New antibiotic discovered in the human nose

German researchers have found bacteria in the human nose that produce a novel antibiotic which is effective against multiresistant pathogens.


new antibiotic from human nose


A potential lifesaver lies unrecognised in the human body. Scientists at the University of Tübingen and the German Centre for Infection Research (DZIF) have discovered that Staphylococcus lugdunensis (which colonises inside the human nose) produces a previously unknown antibiotic. As tests on mice have shown, the substance which has been named Lugdunin is able to combat multi-resistant pathogens, where many classic antibiotics have become ineffective. The study results were published on 27th July in the peer-reviewed journal Nature.

Infections caused by antibiotic-resistant bacteria – like the pathogen Staphylococcus aureus (MRSA) which colonises on human skin – are among the leading causes of death worldwide. The natural habitat of harmful Staphylococcus bacteria is the human nasal cavity. In their experiments, Dr. Bernhard Krismer, Alexander Zipperer and Professor Andreas Peschel from the Interfaculty Institute for Microbiology and Infection Medicine Tübingen (IMIT) observed that Staphylococcus aureus is rarely found when Staphylococcus lugdunensis is present in the nose.

"Normally, antibiotics are formed only by soil bacteria and fungi," explains Professor Andreas Peschel. "The notion that human microflora may also be a source of antimicrobial agents is a new discovery." In future studies, researchers will examine whether Lugdunin could actually be used in therapy. One potential use is introducing harmless Lugdunin-forming bacteria to patients at risk from MRSA as a preventative measure.



new antibiotic found in human noseStaphylococcus lugdunensis (white) colonise on human nasal epithelial cells (pink) and combat the Staphylococcus aureus pathogen (yellow) by producing Lugdunin.
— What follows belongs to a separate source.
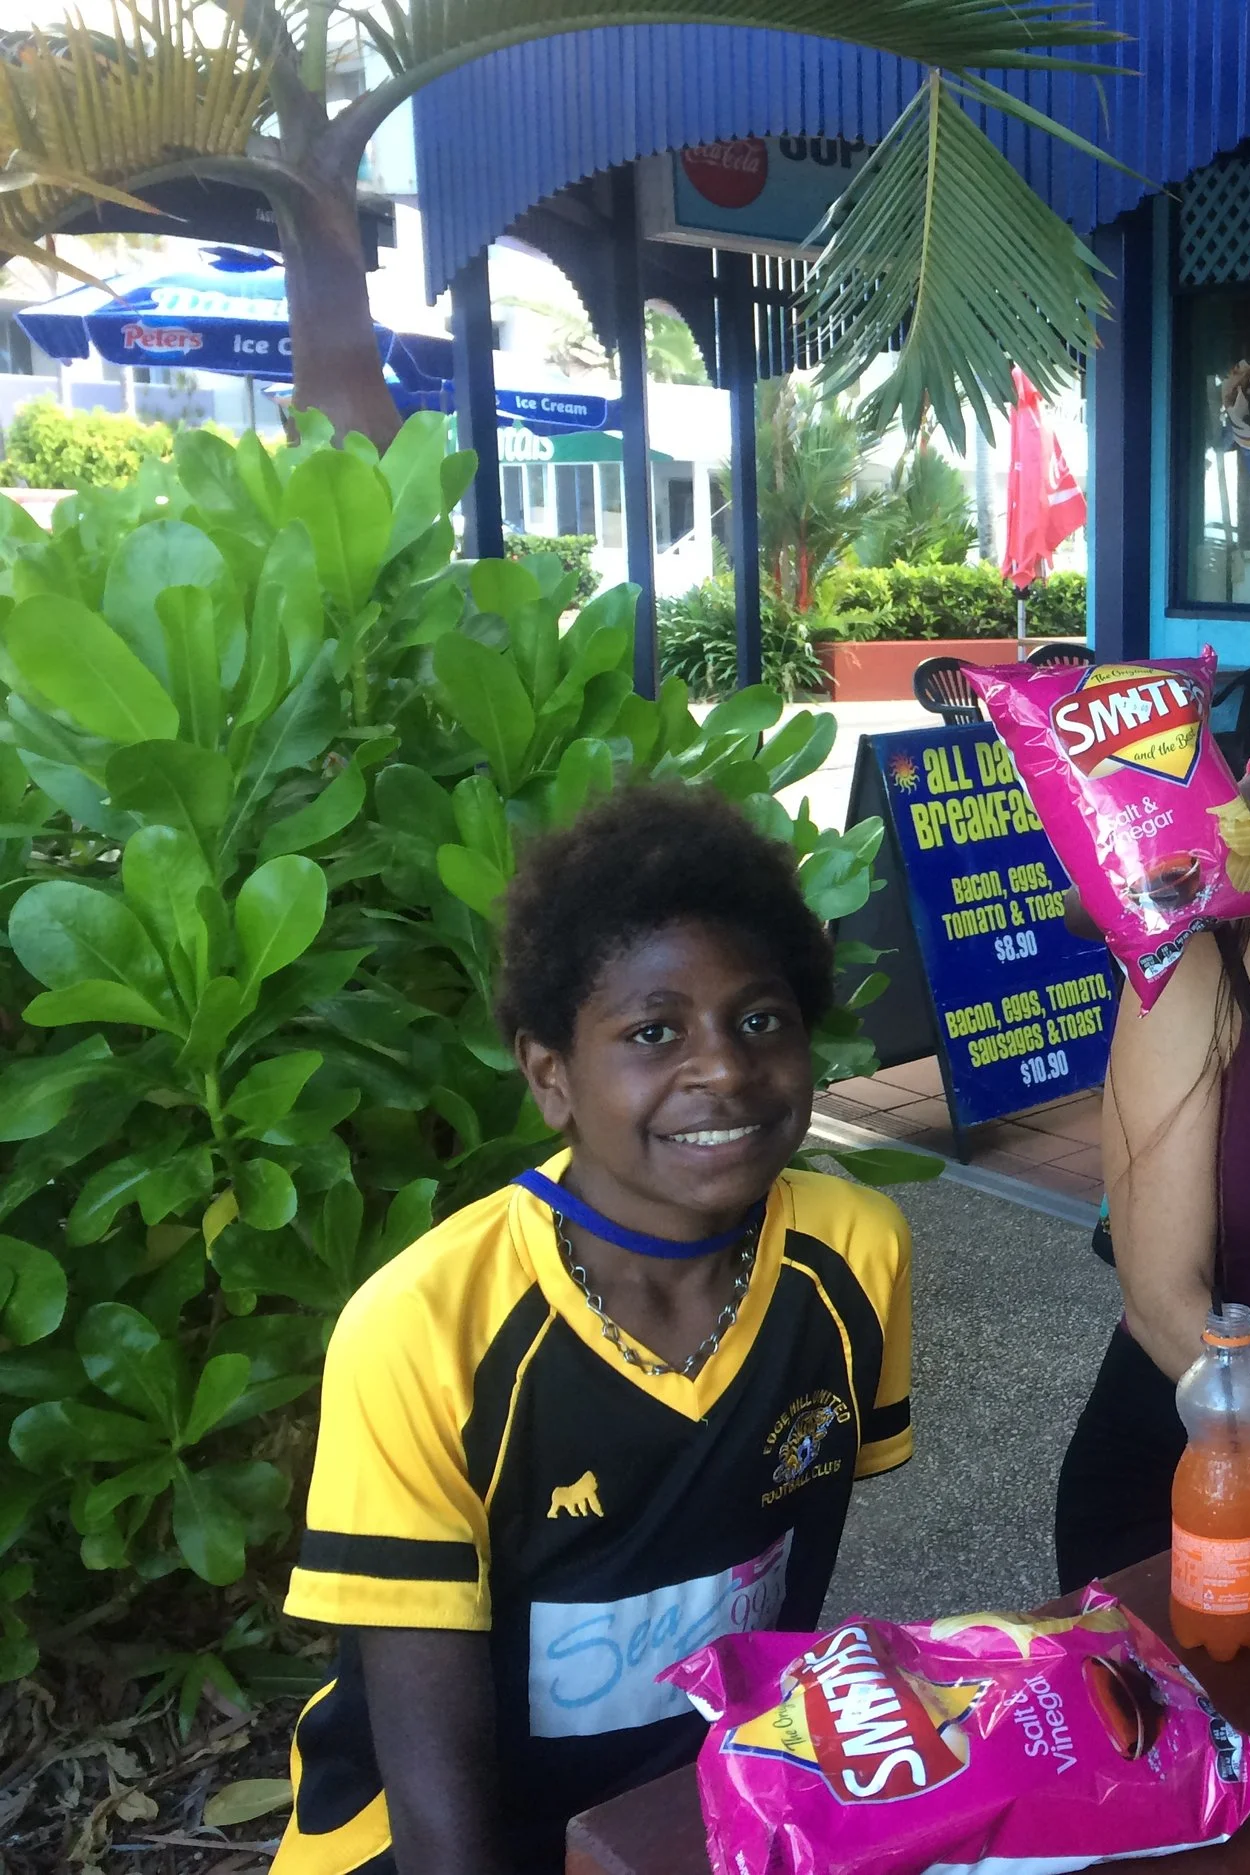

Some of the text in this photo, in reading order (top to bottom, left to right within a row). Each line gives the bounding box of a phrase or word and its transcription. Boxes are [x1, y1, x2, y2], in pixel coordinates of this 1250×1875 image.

Graphic: Professor Andreas Peschel.


Researchers from the Institute of Organic Chemistry at the University of Tübingen closely examined the structure of Lugdunin, noting that it consists of a previously unknown ring structure of protein blocks and thus establishes a new class of materials.

Antibiotic resistance is a growing problem worldwide. "There are estimates which suggest that more people will die from resistant bacteria in the coming decades than cancer," says Dr. Bernhard Krismer. "The improper use of antibiotics strengthens this alarming development" he continues.

As many of the pathogens are part of human microflora on skin and mucous membranes, they cannot be avoided. Particularly for patients with serious underlying illnesses and weakened immune systems they are a high risk – these patients are easy prey for the pathogens. Now the findings made by scientists at the University of Tübingen open up new ways to develop sustainable strategies for infection prevention and to find new antibiotics – also in the human body.

"If we can understand why they are living there [the nose] we may find new ways to combat bad bacteria, eradicate the spread of infection and maybe even find new therapeutic concepts, because we are in desperate need for new antibiotics," he concludes.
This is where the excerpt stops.